Can an ERISA plan’s “choice of law” provision trump a state’s insurance regulation banning discretionary review? Sometimes yes, this time no.
Here’s the case of Curtis v. Hartford Life and Accident Insurance Company, [PDF], No. 11 C 24489 (N.D. Illinois, January 18, 2012)(Magistrate Judge Jeffrey Gilbert)(Opinion attached)(Plan’s choice of law provision, applying another state’s law which does not ban discretionary language was found to be contrary to public policy).

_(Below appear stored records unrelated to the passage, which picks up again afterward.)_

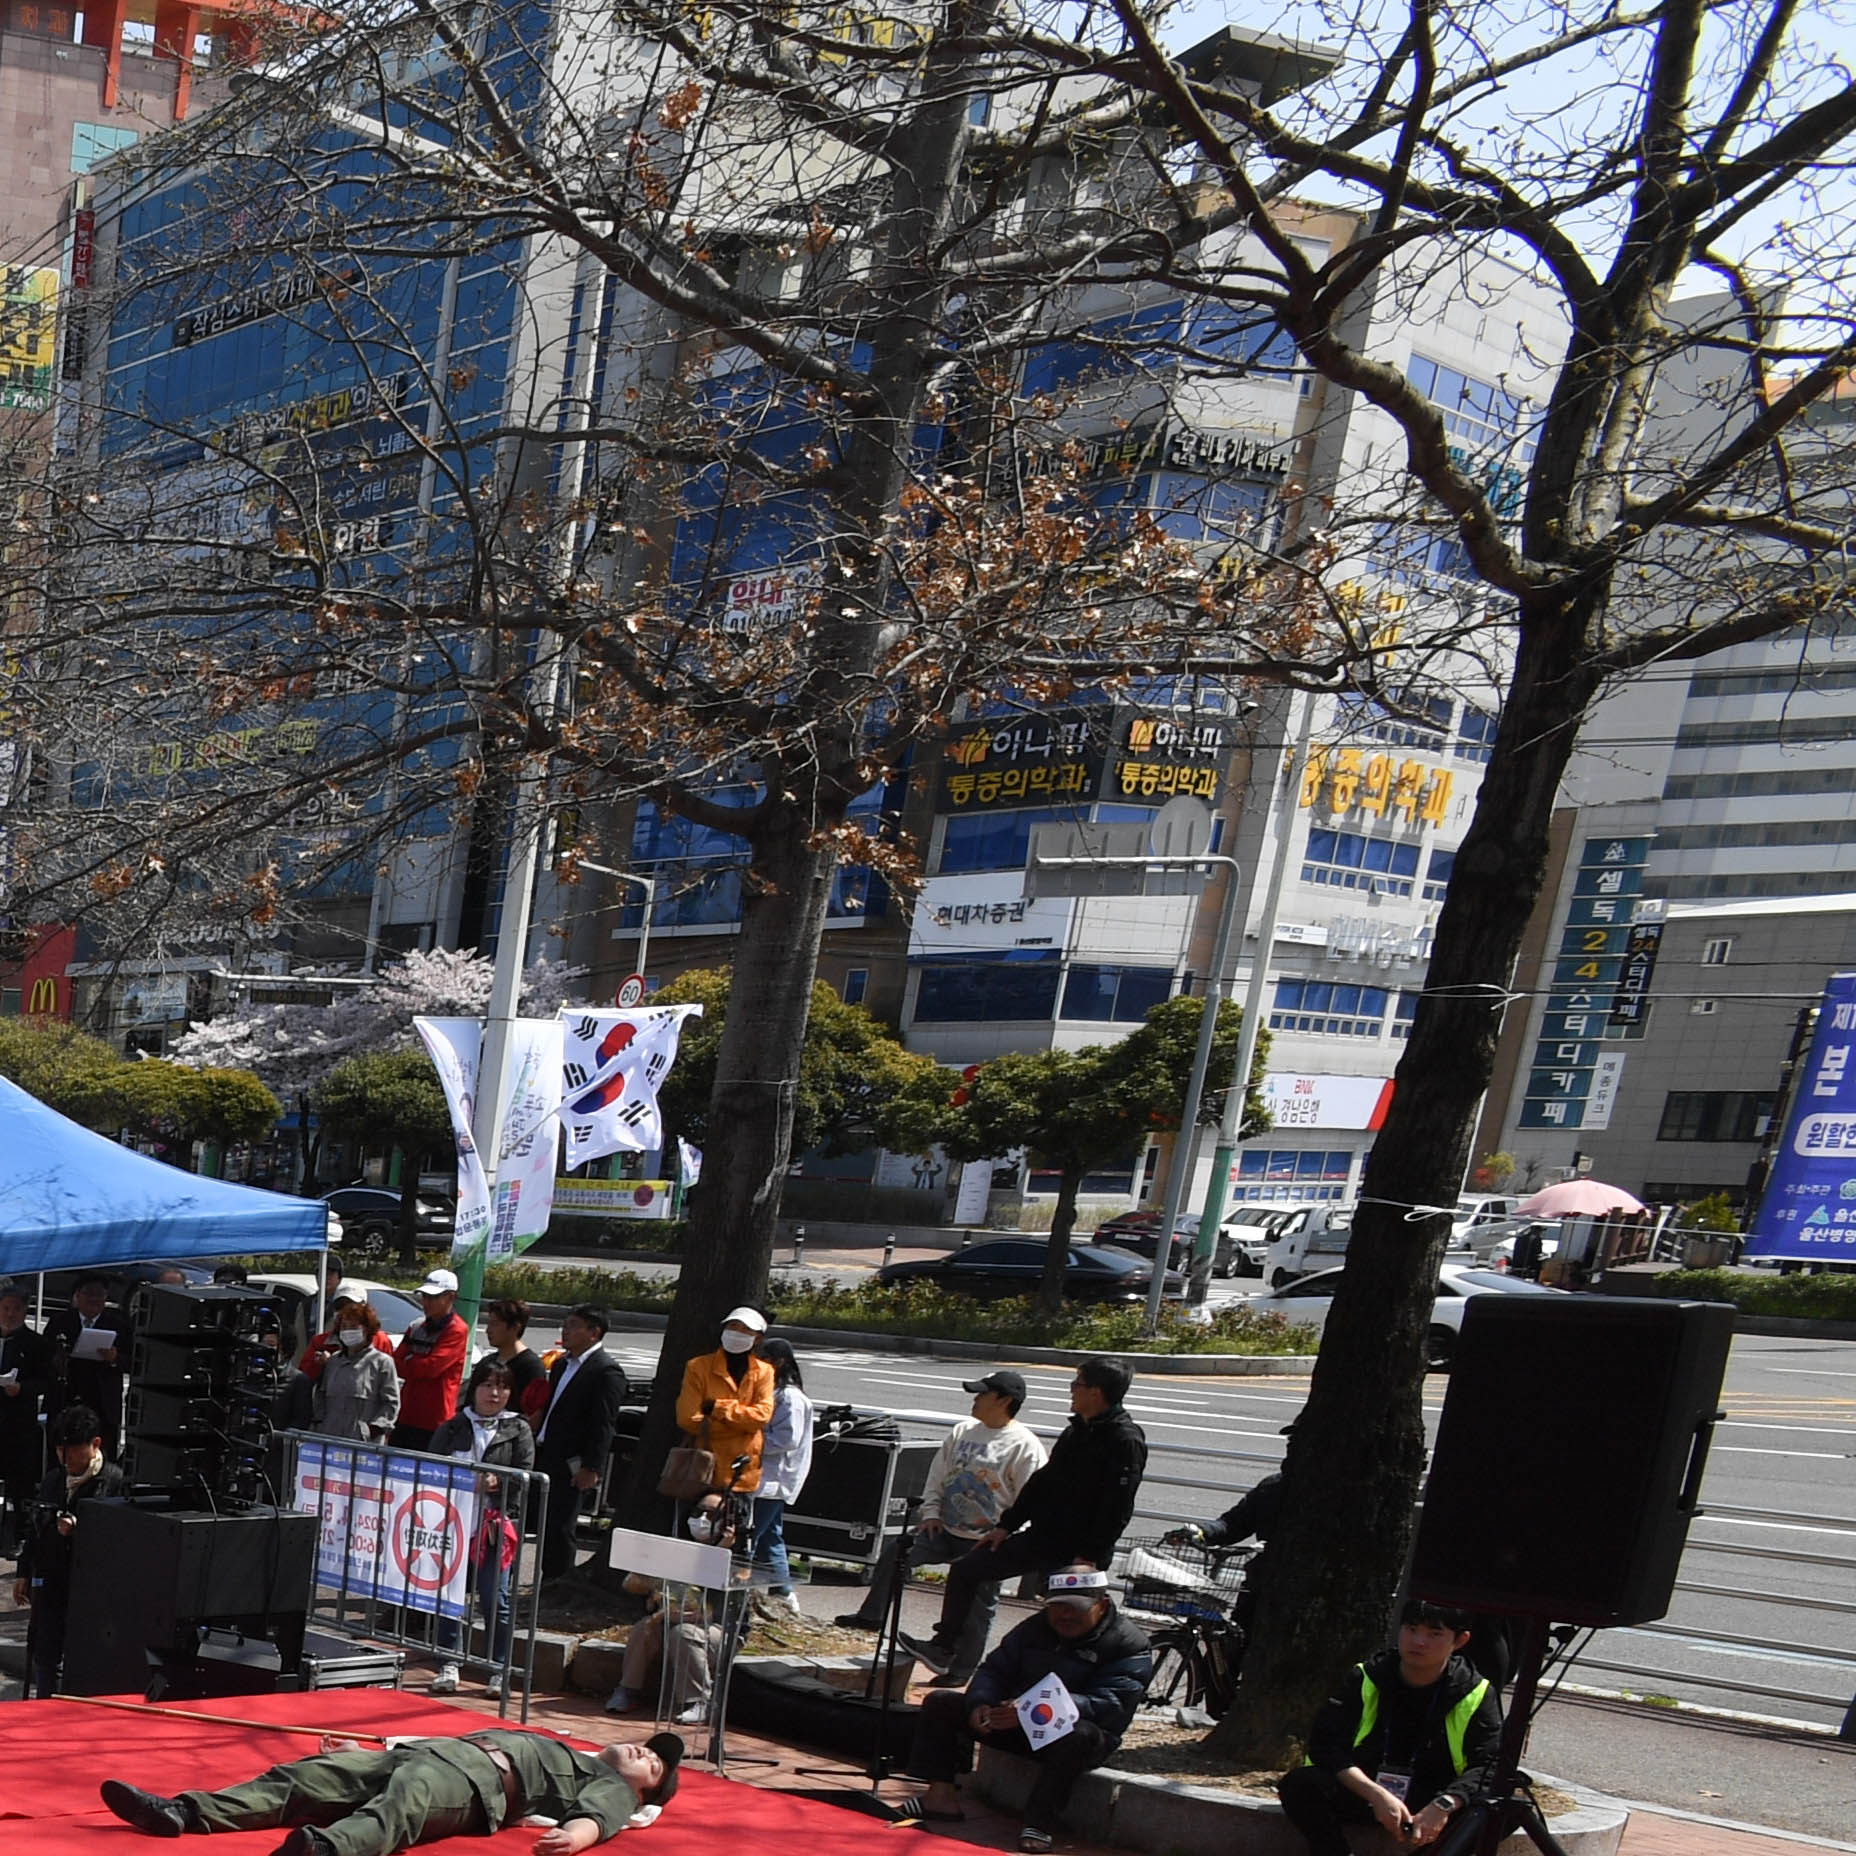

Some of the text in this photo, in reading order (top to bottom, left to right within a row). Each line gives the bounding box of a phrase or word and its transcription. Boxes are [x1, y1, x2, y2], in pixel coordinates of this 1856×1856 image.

[946, 761, 1088, 805] 통증의학과
[1116, 759, 1218, 801] 통증의학과
[937, 901, 1026, 926] 현대차증권
[621, 986, 638, 1001] 60
[1294, 1079, 1316, 1095] BNK
[1280, 1098, 1321, 1124] 경남은행
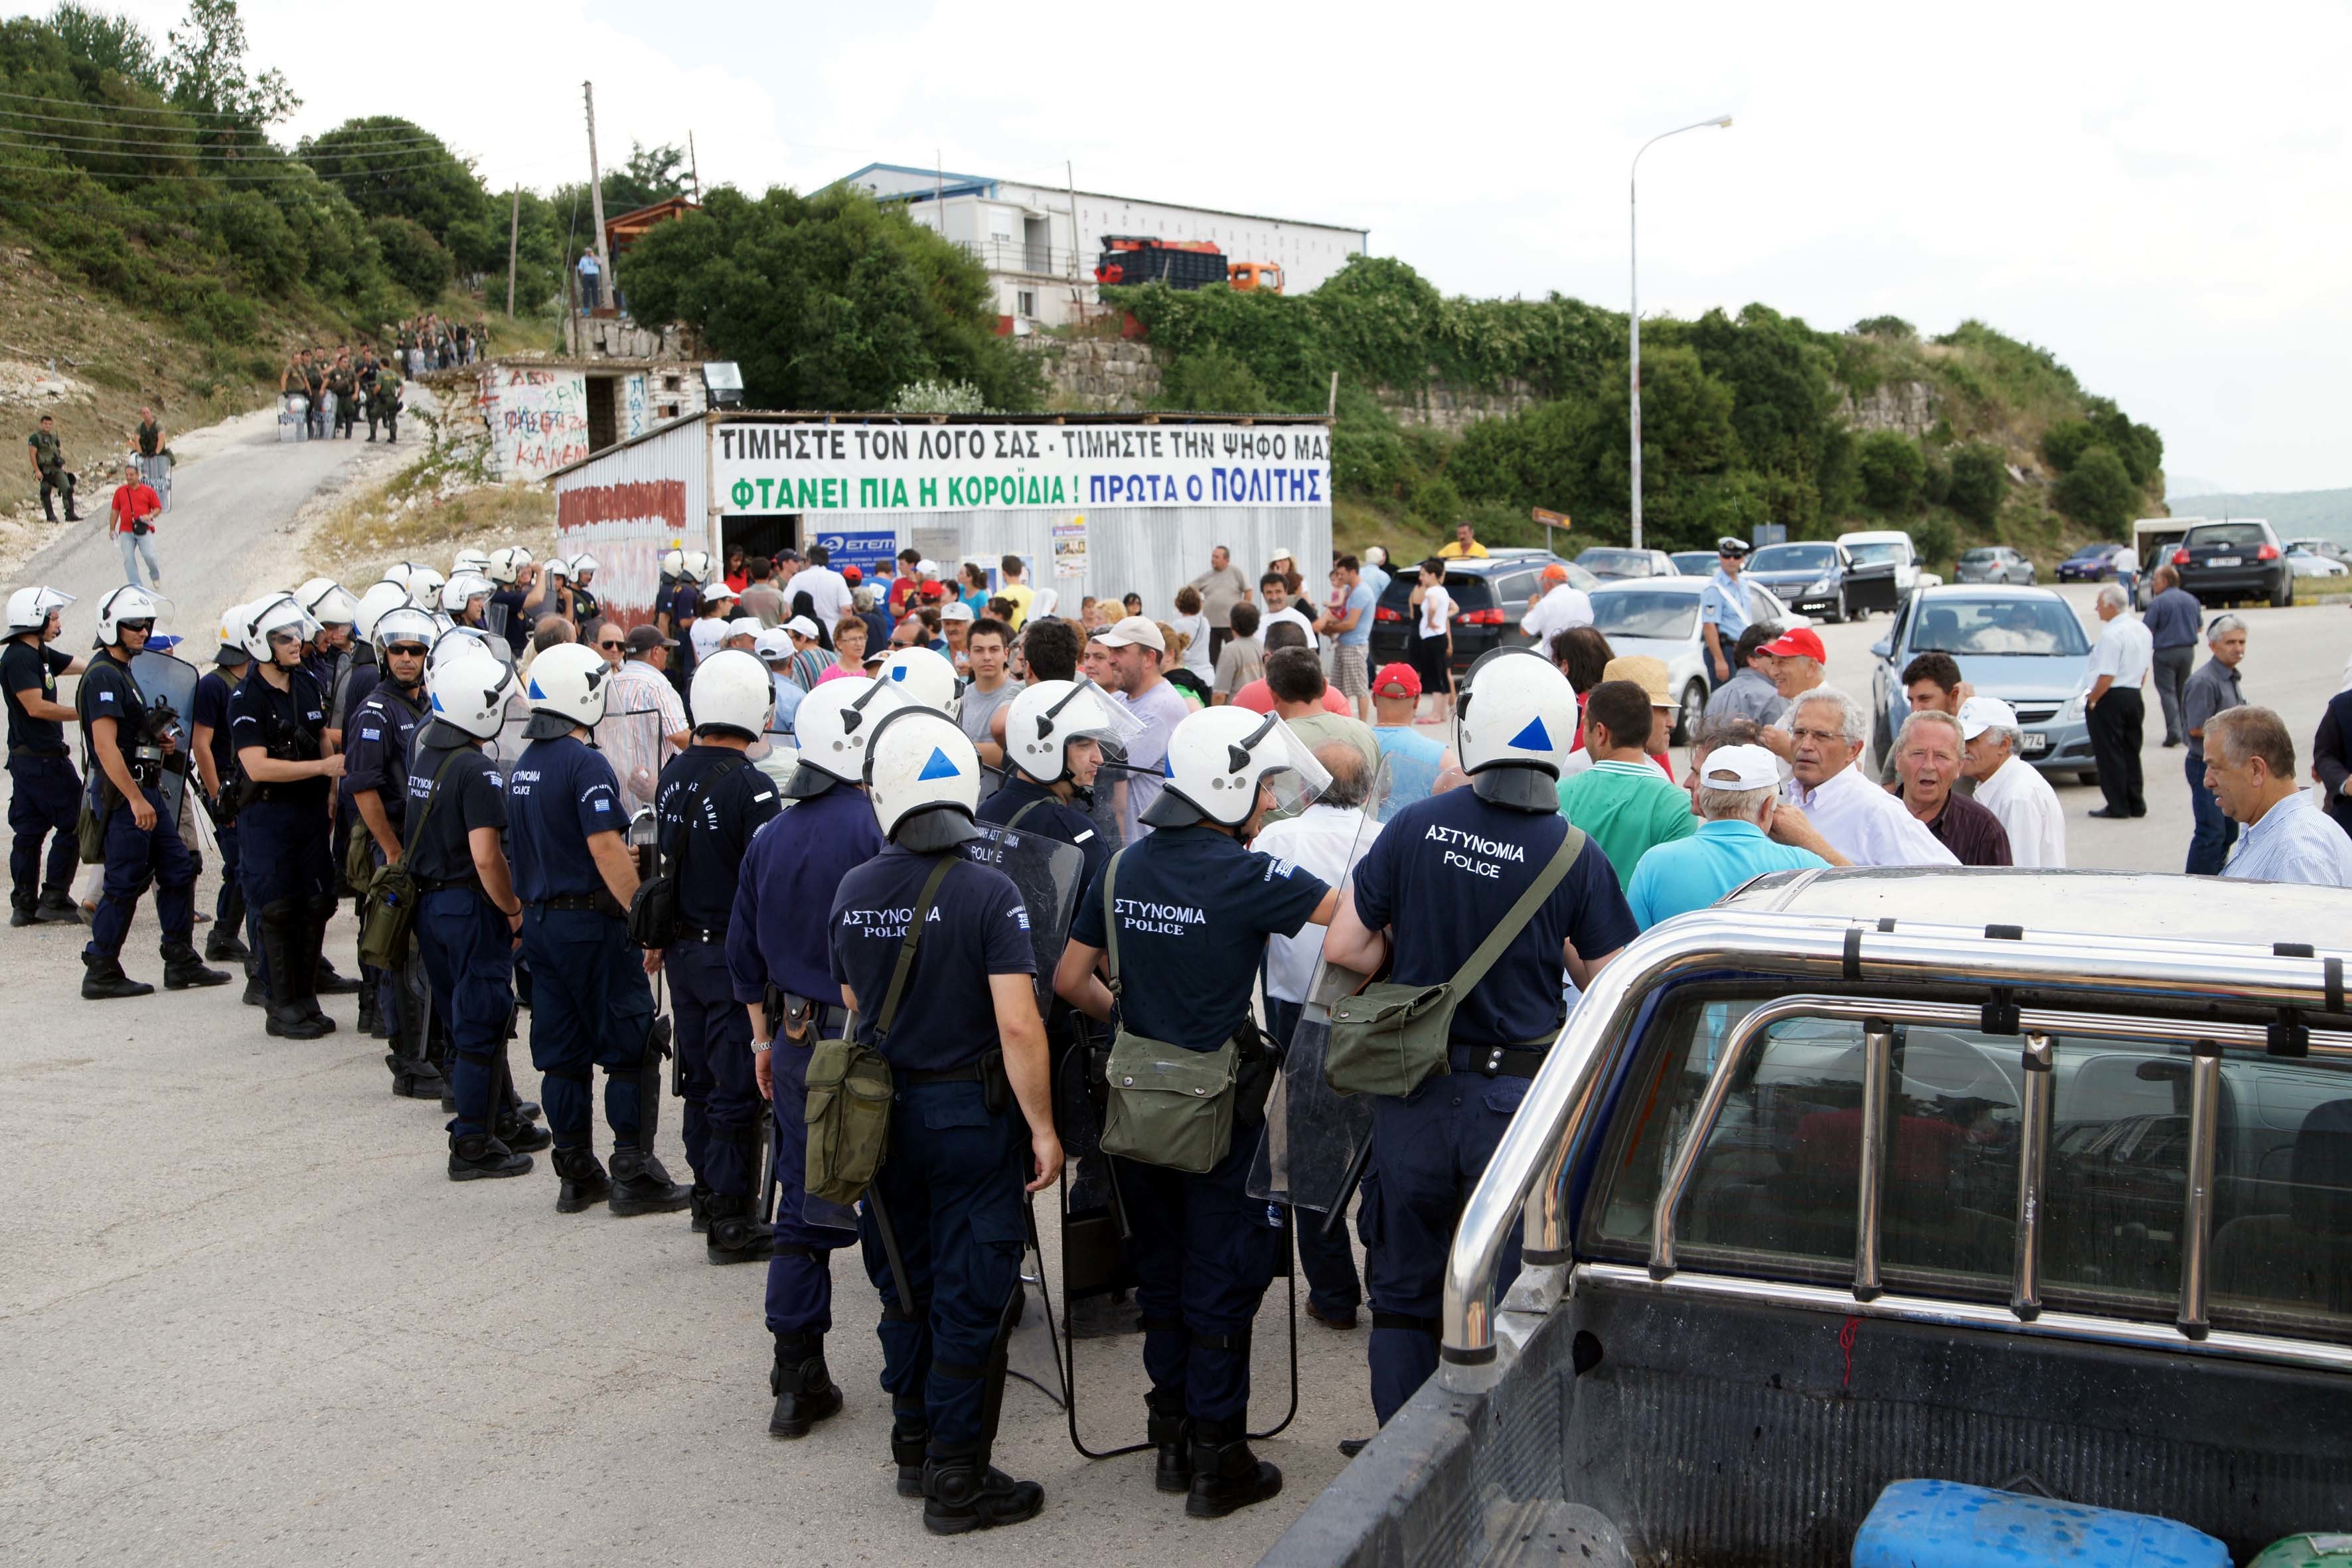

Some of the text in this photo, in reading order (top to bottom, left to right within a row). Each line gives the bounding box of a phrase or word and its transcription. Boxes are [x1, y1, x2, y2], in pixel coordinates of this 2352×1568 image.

[720, 430, 845, 459] ΤΙΜΗΣΤΕ
[855, 430, 908, 460] ΤΟΝ
[919, 430, 985, 459] ΛΟΓΟ
[994, 431, 1040, 458] ΣΑΣ
[1062, 431, 1163, 458] ΤΙΜΗΣΤΕ
[1170, 431, 1214, 458] ΤΗΝ
[1223, 433, 1286, 461] ΨΗΦΟ
[732, 477, 848, 510] ΦΤΑΝΕΙ
[860, 477, 909, 508] ΠΙΑ
[920, 477, 937, 507] Η
[1090, 475, 1178, 503] ΠΡΩΤΑ
[1187, 474, 1203, 502] Ο
[1212, 467, 1320, 503] ΠΟΛΙΤΗΣ
[659, 781, 680, 819] ΛΛΗΝΙΚΗ
[667, 814, 698, 828] POLE
[988, 829, 1020, 848] ΑΣΤΟΜΙΑ
[1425, 824, 1524, 862] ΑΣΤΥΝΟΜΙΑ
[971, 846, 1004, 863] POLIE
[1443, 850, 1501, 878] POLICE
[842, 905, 941, 926] ΑΣΤΥΝΟΙΑ
[1114, 898, 1206, 924] ΣΤΥΝΟΜΙΑ
[864, 925, 909, 937] POLIC
[1124, 917, 1184, 935] POLICE

FACTS: Illinois resident Curtis sought ERISA disability benefits under a plan administered by Hartford. Hartford determined that Curtis was not disabled, and terminated the benefits. Curtis sued. The plan had discretionary language, but Illinois has an insurance regulation banning discretionary language. Noteworthy: the plan included a choice of law provision requiring application of Delaware law.
ISSUE: Does the Illinois Insurance regulation banning discretionary language apply when the ERISA Plan’s choice of law provision requires application of Delaware law?
HELD: The ERISA Plan’s Choice of Law Provision Did Not Trump the Insurance Regulation Banning Discretionary Language
- The Illinois insurance regulation applies to this ERISA plan and de novo standard of review controls. Op. at 17. ERISA does not preempt the Illinois insurance regulation. Op. at 19.
- The Plan’s choice of law provision (requiring application of Delaware law which does not have a regulation banning discretionary language) does not control. Delaware allows inclusion of discretionary clauses in policies. This is clearly contrary to the Illinois regulation “and the public policy of Illinois.” Accordingly the Illinois regulation is not displaced by the Plan’s choice of law provision. Op. at 19.